Kilpeck Church

Kilpeck Church

We parked at Kilpeck church, a few miles south of Hereford, and went straight to the church. It is a 12th century building with wonderful original features. Corbels (89 of them) decorate the edge of the roof; the images cover a wide range from a bird pecking a smaller bird, Celtic knots, Sheelagh-na-gig, hound and hare, serpents and some strange creatures which are difficult to identify. Then there is the entrance door. Although there is no porch it is in an amazing state of repair. The stone prights and arch, of the doorway, are covered in carvings including dragons and the tree of life. The door itself is solid wood with huge metalwork holding the door together and bolted through the door to giant hinges. A lot of the furniture within the church is Victorian but the architecture is 12th C – 14thC. There is a minstrel’s gallery; its origin is a mystery as the staircase leading to it is Victorian but it may be Elizabethan or Jacobean. The former seems likely as that was when music in churches became more sophisticated and wooden galleries at the west end of churches became popular.

The church probably survived so well because of the village’s unfortunate history. The population was devastated by famine and the Black Death in the 14thC. Hence the church remained small and unknown for many centuries. When it was renovated in the 19thC the architect, Lewis Nockalls Cottingham, was sensitive to the Romanesque original design. There are windows designed by Pugin.

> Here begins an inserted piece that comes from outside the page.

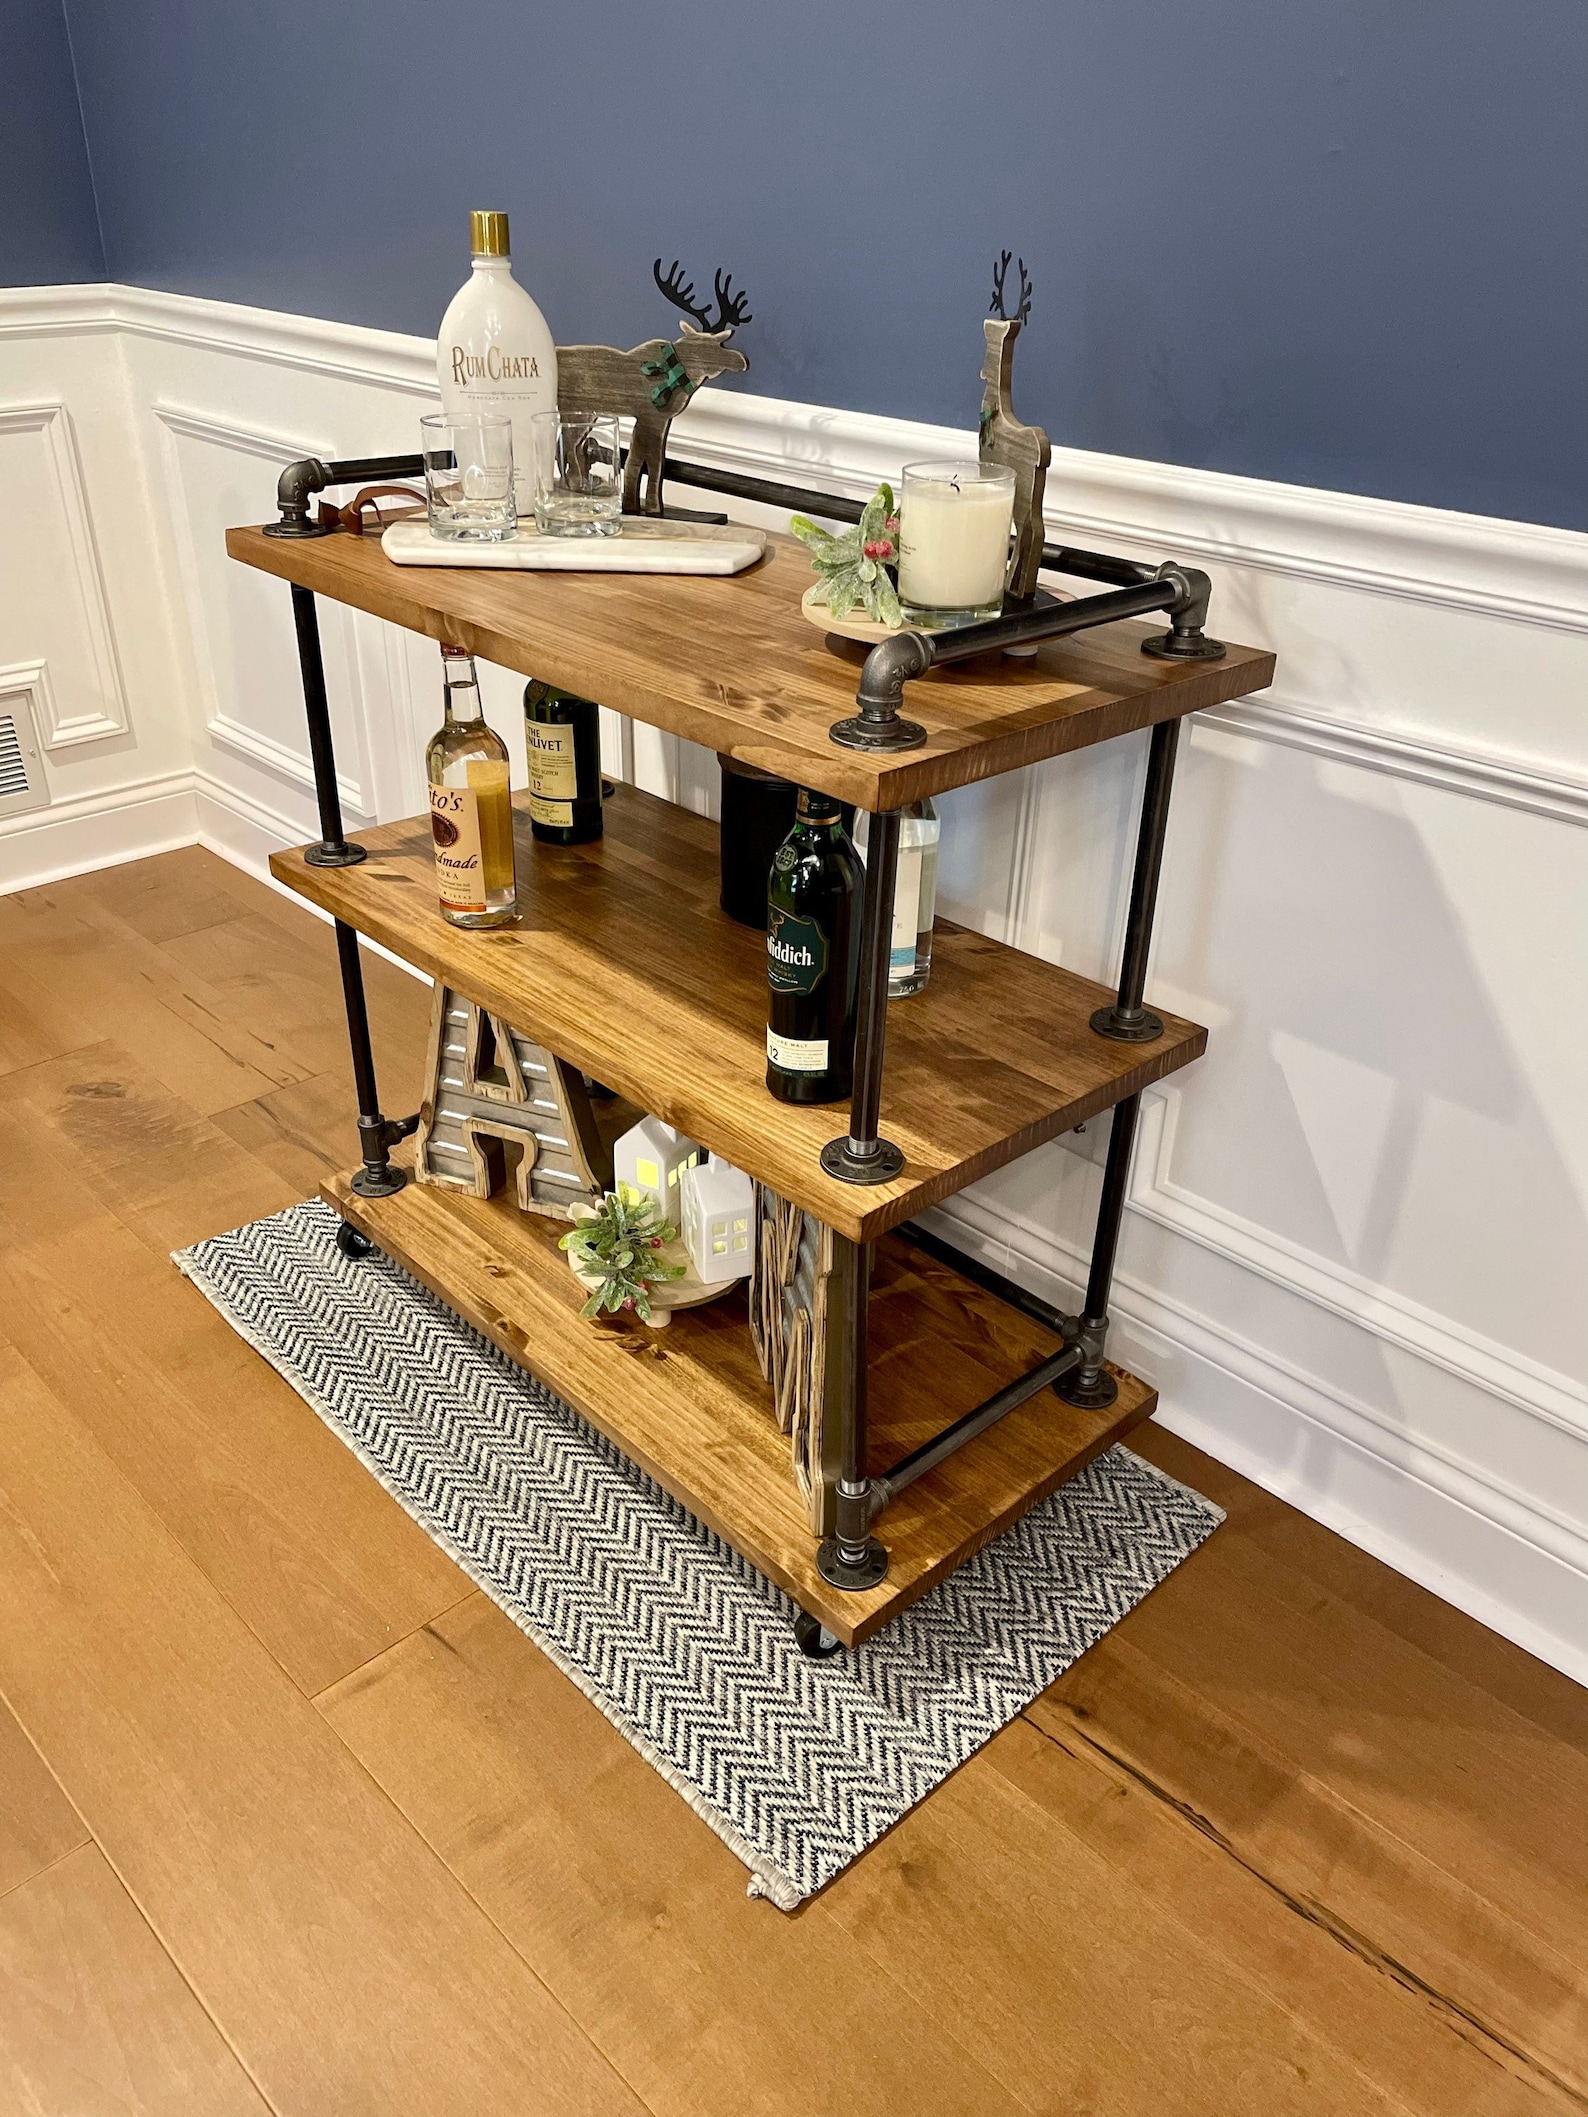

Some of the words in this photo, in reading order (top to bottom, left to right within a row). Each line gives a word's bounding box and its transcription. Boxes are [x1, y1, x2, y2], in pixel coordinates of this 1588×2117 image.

[528, 726, 541, 738] THE
[533, 780, 541, 790] 12
[769, 1045, 779, 1061] 12

The area around Kilpeck had been known as Ergyng when it was a small Welsh kingdom. Later it became part of the Welsh marches and was renamed Archenfield. In 1086 a timber castle was built to establish Norman rule in the area. Although a stone castle replaced the original, little remains of Kilpeck castle sat on a mound to the west of the church.

Now we set off on our walk travelling in a generally southerly direction towards Marlas and then Bagwyllydiart. It was a lovely late autumn day and the countryside soft and rolling made a very pleasant stroll. The views were extensive but now and again mists rolled across the hills creating fascinating scenes.

At Bagwyllydiart we turned northeast, going towards Orcop Hill. This stretch of the walk was mainly on a quiet road and we could see the hill ahead of us. Two of us stopped to buy tomatoes from

a roadside stall and then waited to watch a shrew cross the road in front of us (attempts at a photo were thwarted by the speed with which it darted for cover). Suddenly we were way behind everyone else and it wasn’t until they stopped at Orcop Hill that we caught up.

At lunch we arranged ourselves over huge pieces of a tree which were beside the road and wondered whether it had come down in a storm blocking the road.

Walking through Mynde wood we found large holes which must have been made by badgers, we carefully skirted these. Emerging from the wood we could see The Mynde ahead of us.


The Mynde was a Royalist stronghold in the Civil War. It was home to the Pye family from the 1350s until about 1709. Walter Pye was attorney general for Charles I. His second son, Robert Pye, had different religious affiliations which decided his fate. He was beaten by a Roman Catholic neighbour with a billhook and died a few days later. The house is mediaeval with a grand Georgian facade. Apparently it has always been a private residence and is promoted as a film location. According to the Herefordshire Times ‘It has a 1,180 acre estate and parkland passing through a seven-acre lake’.

Now we turned northwest and were heading back towards Kilpeck. We passed through more beautiful rolling countryside. In a field we came across a large flock of sheep that ran from us and covered the horizon. We passed a few pretty cottages and arrived back at Kilpeck church.